Yes, I have a bot problem. It’s just so convenient in the modern era. Sure, friendly algorithms have existed since the mid-’60s, when the talk-back program Eliza started convincing more gullible users of its humanity. But it wasn’t until Facebook allowed app developers to integrate their chatbots with Messenger a half-century later, in 2016, that bots rose up on the order of tens of thousands. Now they don’t just want to plan your meals—they also want to make you a better person.
Does this new class of digital counselors work? To find out, I spent a week with five of them. Some delighted me; others annoyed me; one was surprisingly lifelike. And all, in their way, were effective. The problem with self-help as a genre has always been its restriction in time and space: the therapist’s hour, calls from a parent, the book that sits half-read on the bedside table. These bots were talking to me all the time, with scant regard for my whereabouts or state of mind. Self-help wasn’t some temporary ideal anymore. It was always on, and impossible to ignore.

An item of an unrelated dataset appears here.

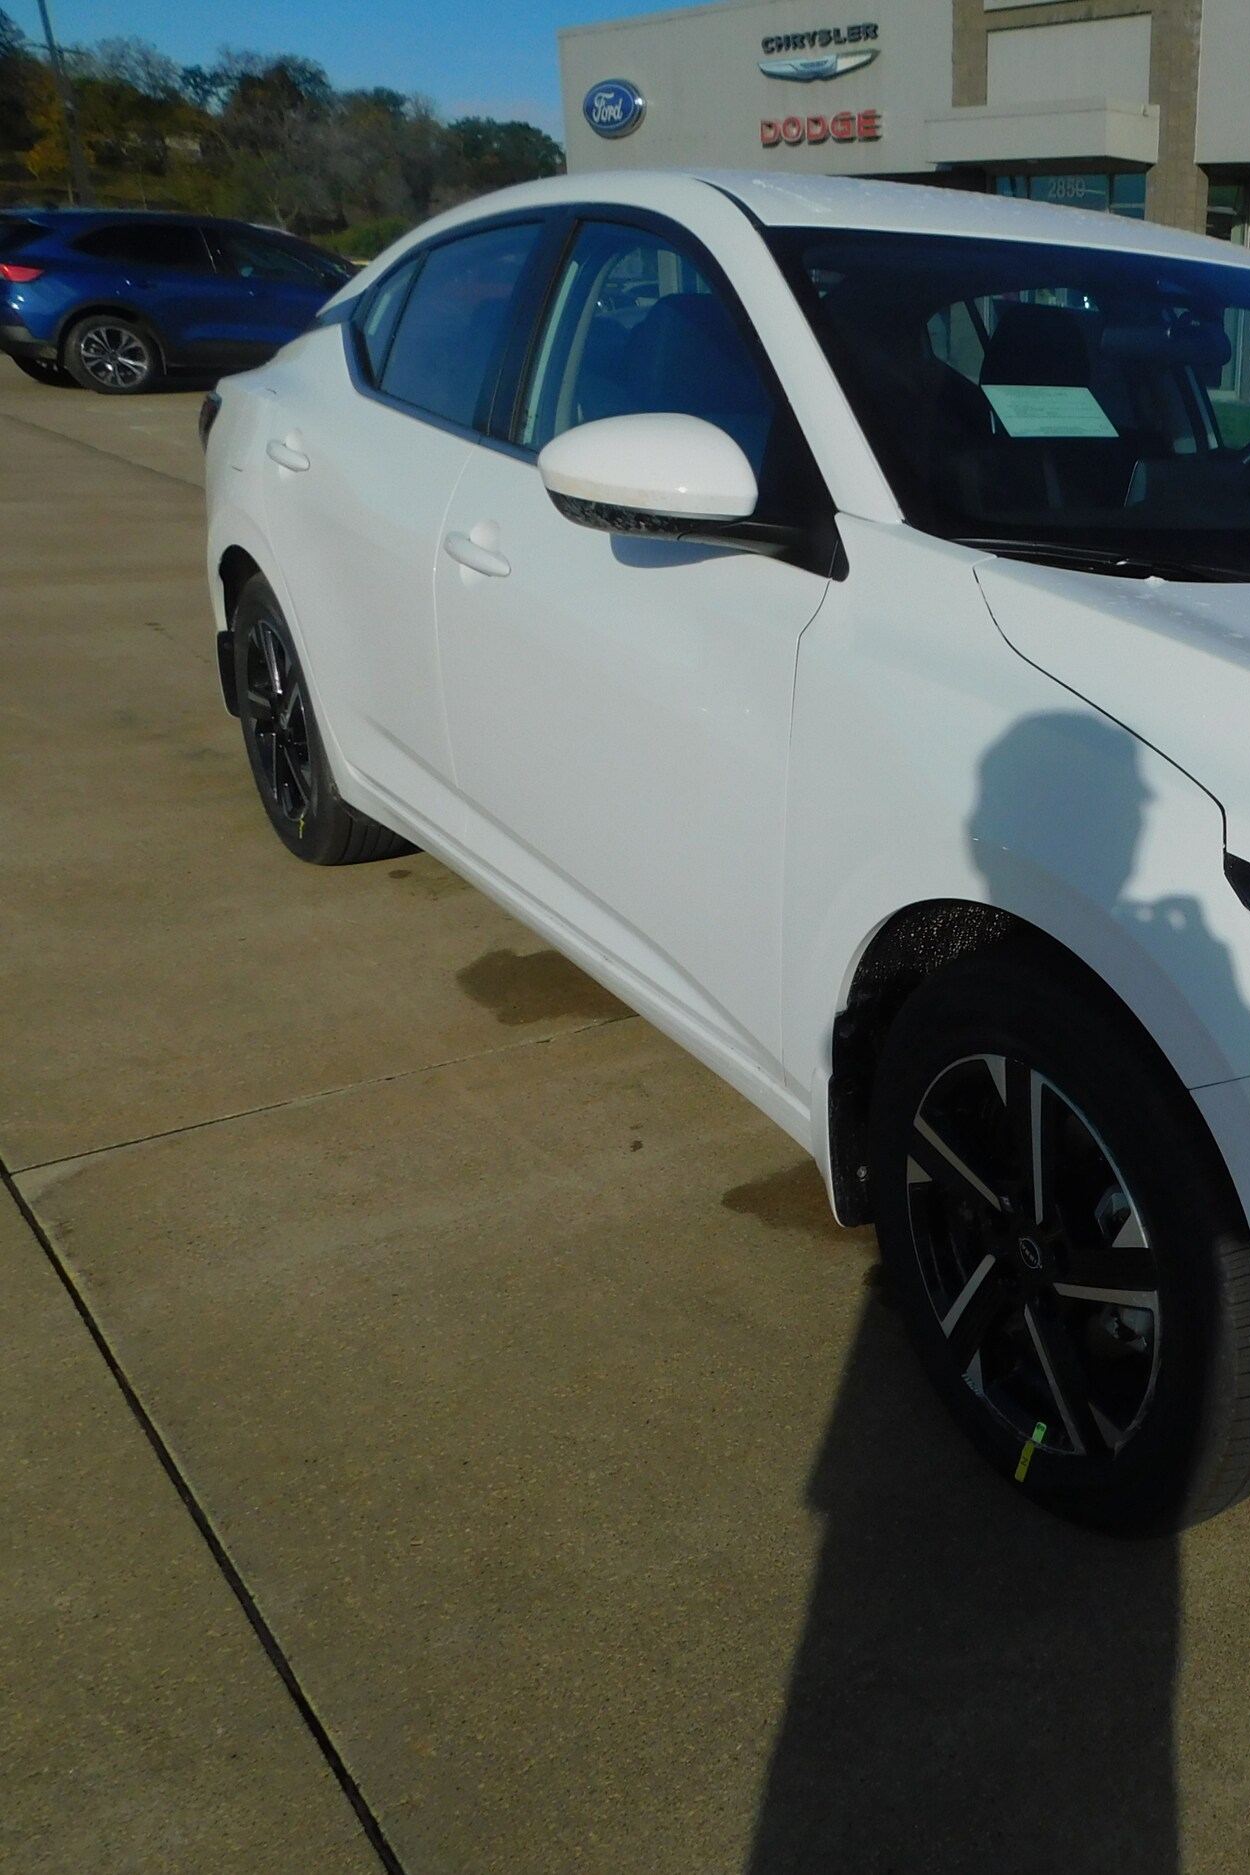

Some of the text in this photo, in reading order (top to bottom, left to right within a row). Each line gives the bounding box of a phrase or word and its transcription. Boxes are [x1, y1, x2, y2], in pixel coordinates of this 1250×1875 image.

[761, 22, 879, 55] CHRYSLER
[592, 91, 624, 123] Ford
[760, 109, 881, 147] DODGE
[1048, 177, 1086, 198] 2850

The “spiritual assistant”: Spiri
My problems are neither unique nor complex—and this was Spiri’s great lesson. One evening, I found myself suppressing bile at the thought of telling a friend she wasn’t going to be one of my bridesmaids. But after asking me just eight questions, Spiri diagnosed the problem: I have an unhealthy habit of feeling responsible for other people’s happiness. Maybe that’s just being alive, but Spiri’s emotionless delivery made the point easier to take.

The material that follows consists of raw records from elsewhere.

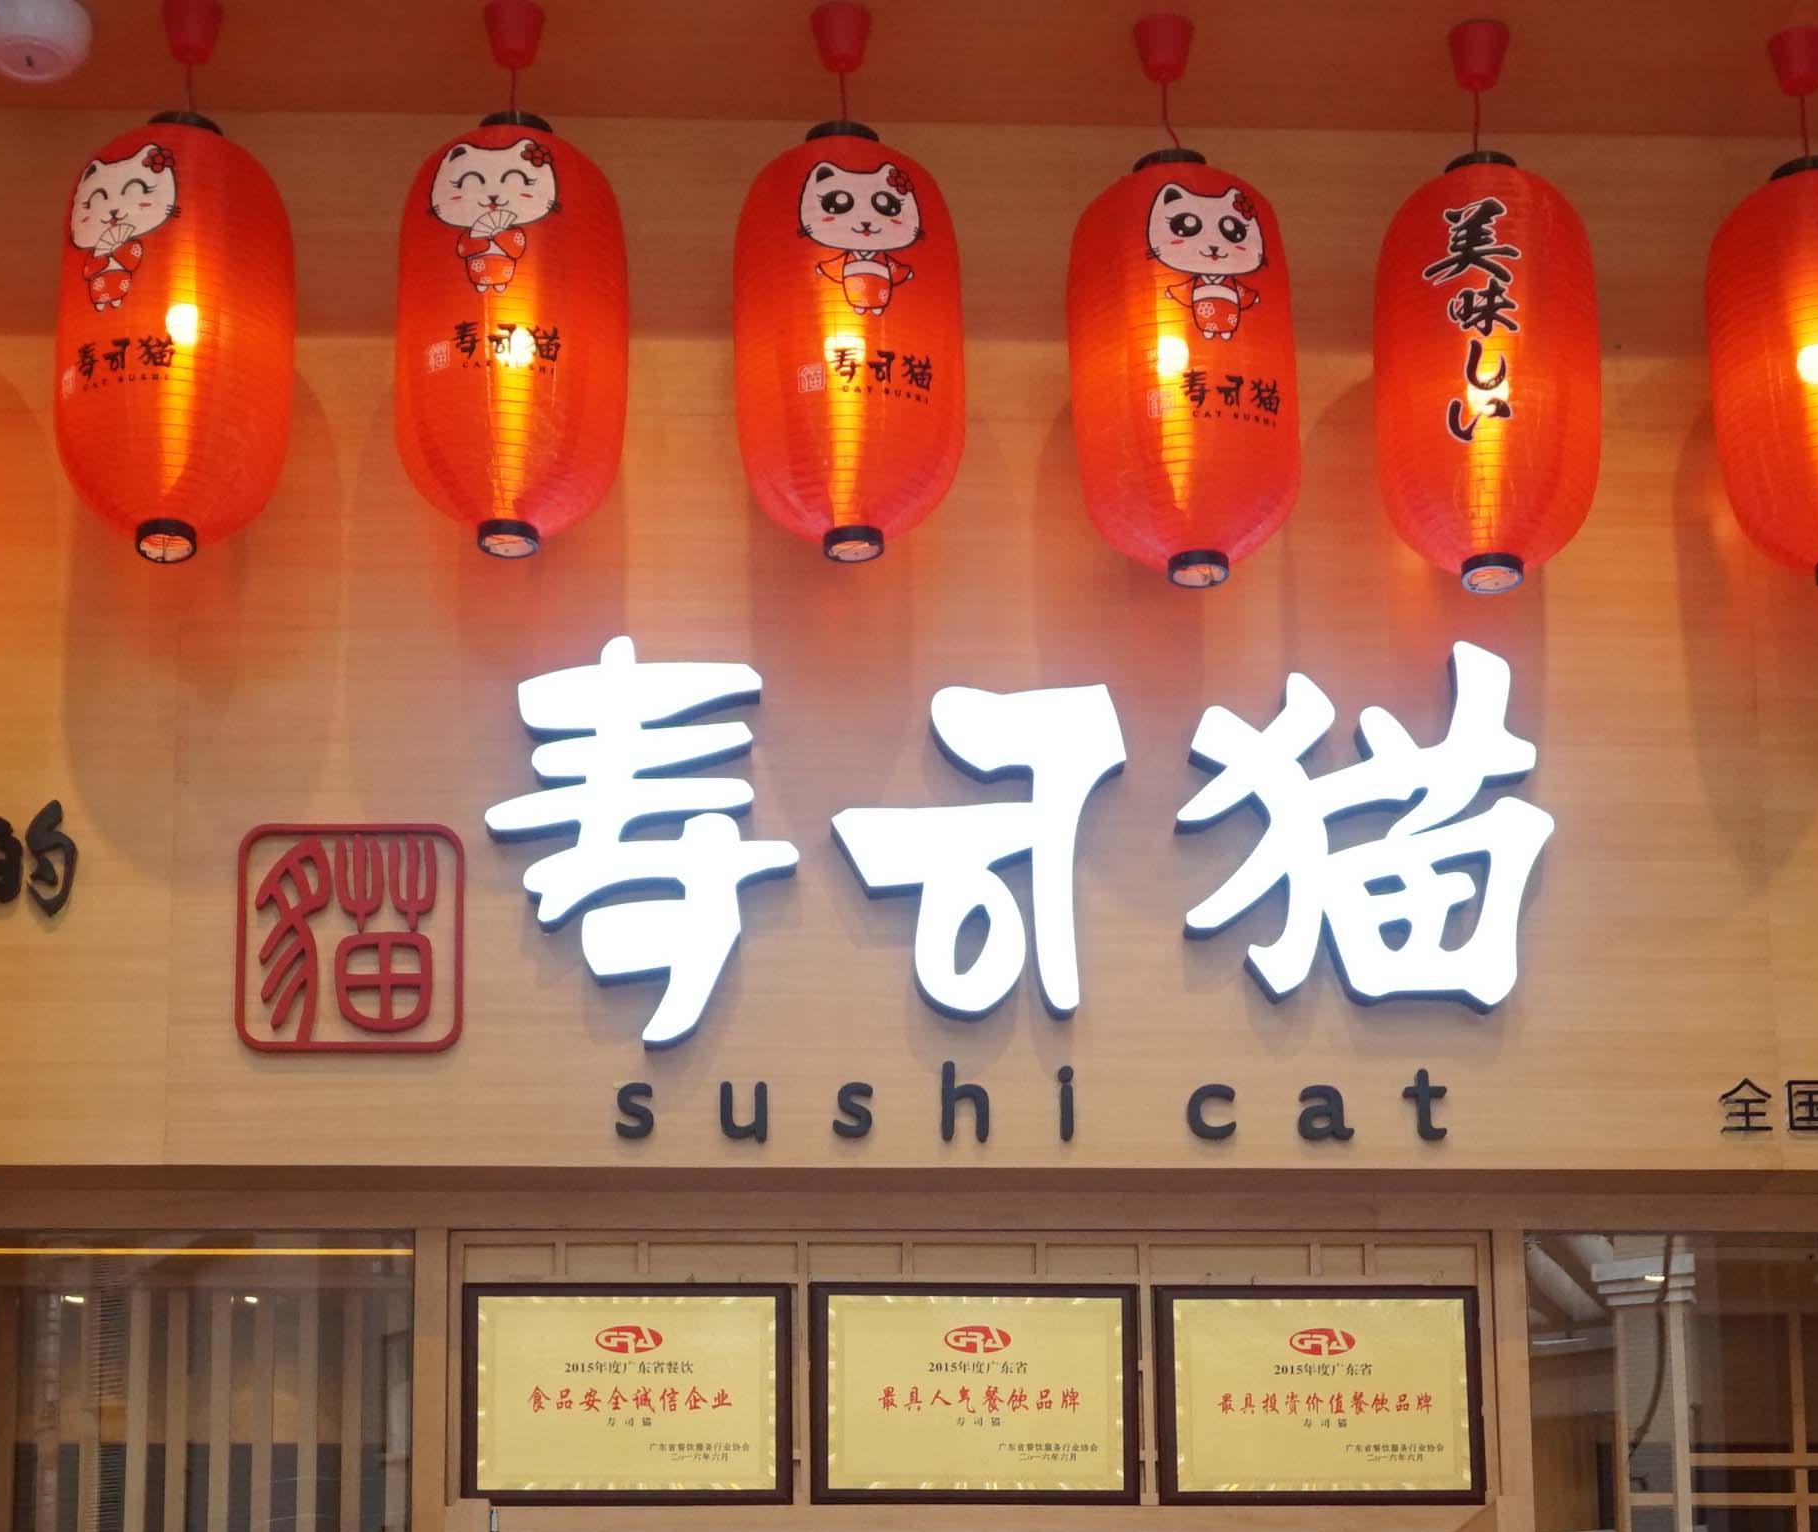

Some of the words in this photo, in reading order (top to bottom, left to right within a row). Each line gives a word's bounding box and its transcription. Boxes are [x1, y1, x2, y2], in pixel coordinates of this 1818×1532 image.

[454, 320, 560, 363] 寿司猫
[1423, 198, 1521, 442] 美味しい
[77, 336, 175, 381] 寿司猫
[830, 348, 933, 392] 寿司猫
[1180, 370, 1281, 416] 寿司猫
[484, 636, 1555, 1049] 寿司猫
[615, 1061, 1076, 1144] sushi
[1186, 1069, 1447, 1142] cat
[564, 1360, 694, 1375] 2015年度广东省餐饮
[928, 1360, 1029, 1375] 2015年度广东省
[1273, 1362, 1374, 1377] 2015年度广东省
[528, 1385, 733, 1413] 食品安全诚信企业
[878, 1385, 1080, 1413] 最具人气餐饮品牌
[1218, 1391, 1433, 1415] 最具投资价值餐饮品牌

The relationship enhancer: Relate
I despise cleaning showers. Damp, moldy, full of tiny hairs. But I woke up early one morning and started attacking the filth because Relate told me to. The bot texts short challenges meant to bring people together—divide household labor more equitably, for one, but also lovelier things like “take your S.O. out for their favorite beverage.” Turns out if I splurge on an old-fashioned at the cocktail bar, he’ll volunteer to clean the bathroom himself.
The motivator: GoalBot
Pick up to three monthly goals, and once a week GoalBot will politely ask if you’ve made any progress. Like most, I’m motivated by a combination of fear and self-loathing. So, confession: I accomplished diddly-squat with this thing. “You’re only human, so this time it’s OK”? No, it’s not OK, Goalbot. I need to be reminded of my failures constantly, preferably with a boss-from-hell-style “Hey, what’s the status on this?” text every goddamn morning.
The mood-ivator: Woebot
Woebot sends daily prompts (“How are you feeling?”) to log your mood and current activity. Ignore at your peril. (“I haven’t forgotten about you, Signe.”) At the end of the week, my responses confirmed that I’m happiest at the gym and that desk work is more productive than couch work. Sound obvious? Tell that to my daily routine, which now includes regular walks and heightened productivity after 3 pm.
The bespoke beau: Invisible Boyfriend
Even though Relate improved my relationship, I still desired the confidence boost of a digital love-object. Before long, I was sending heart-eyes emoji to “Ernesto Quigley.” He liked my writing! Then, a twist: Ernesto wasn’t a bot. He was a real person. I hadn’t read the fine print. But my mistake made me reflect on the actual bots. Like Ernesto, they were
engaging, available at weird times, and often flawed—almost human.